The turning body recalls the whirling practices associated with Sufi traditions, where repeated turning becomes a means of abandoning the ego and moving towards another state of awareness. The body revolves around a centre. The spinning is not decorative. It serves a purpose. It reorganises what has accumulated and this leads into the final and perhaps most demanding sequence as Rosenfeld repeatedly strikes the floor with her skirt, driving the action towards exhaustion. The Tarantella traditions of Southern Italy come to mind; the bite of the spider. Contemporary interpretations understand the spider less as a literal cause than as a metaphor for grief, trauma and emotional suffering. Within this tradition the spider becomes both wound and weaver; the source of disturbance and creator of patterns. Seen through this lens, the repeated striking of the floor is not choreography but anxiety, grief and tension being displaced through movement.

The action recalls Grotowski’s notion of via negative: not the accumulation of technique, but the removal of obstacles. I couldn’t help but think of exorcism. Not in a religious sense, but as the physical expulsion of pressure accumulated through repetition, rhythm and exhaustion. What emerges is not resolution but release.

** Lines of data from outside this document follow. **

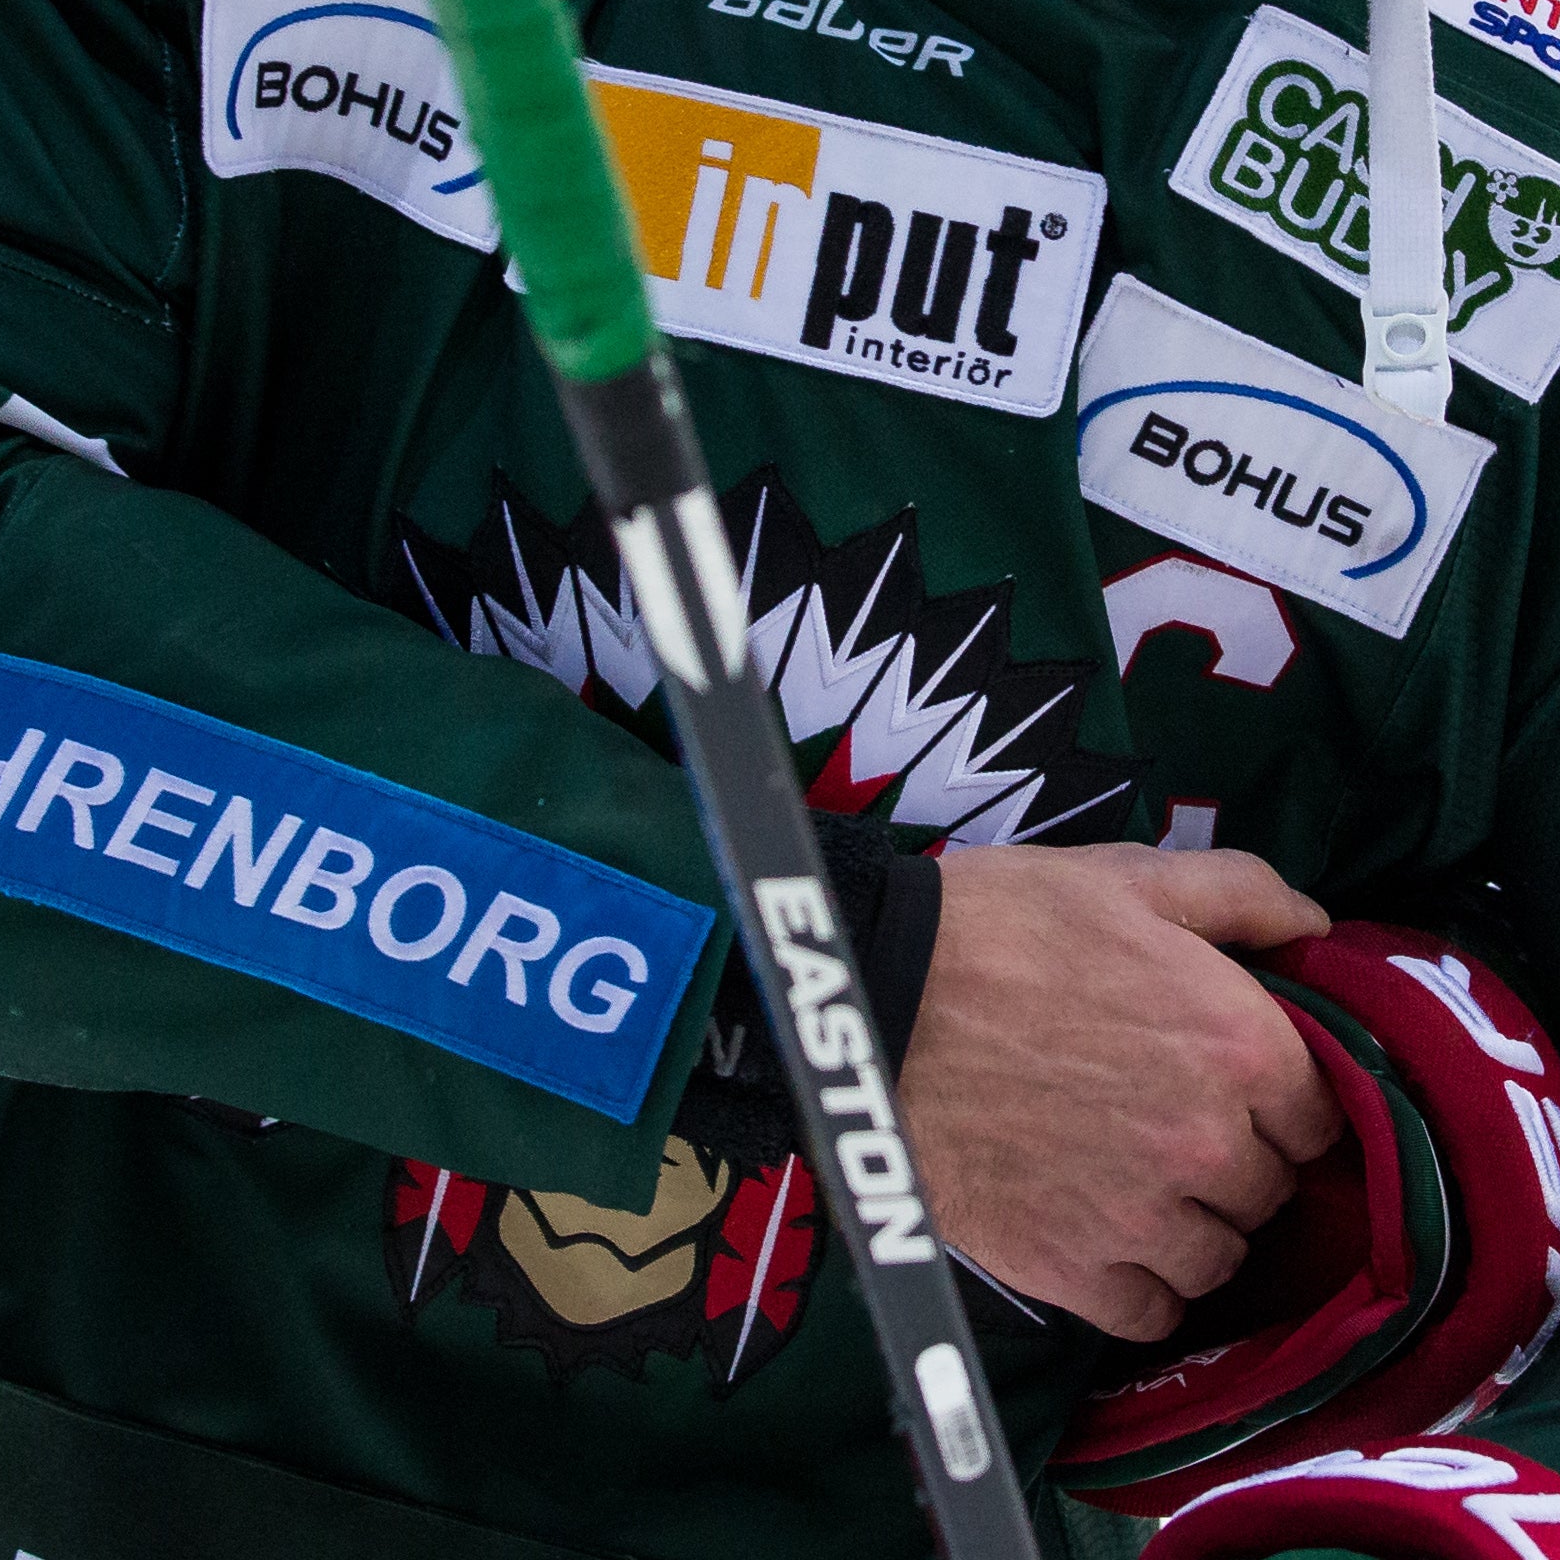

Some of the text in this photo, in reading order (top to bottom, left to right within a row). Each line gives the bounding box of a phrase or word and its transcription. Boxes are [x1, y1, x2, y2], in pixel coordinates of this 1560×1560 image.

[255, 61, 461, 163] BOHUS
[658, 138, 1040, 351] input
[844, 326, 1013, 390] interiör
[1129, 411, 1372, 549] BOHUS
[753, 875, 937, 1266] EASTON

I recalled the second Sex Pistols performance which I had witnessed as an art student ,where Johnny Rotten appeared to channel frustration and urgency with such intensity that the distinction between performer and audience seemed temporarily to dissolve. This memory surfaced because Rosenfeld’s final actions operate in a similar way. As her action ceases to function as image alone. What began as contained pressure is projected outward into the space. I loved this show for its simplicity, its clarity and because it made me recall much of what I have written here.

The images do not describe transformation. They enact it!  In my book there’s power in that.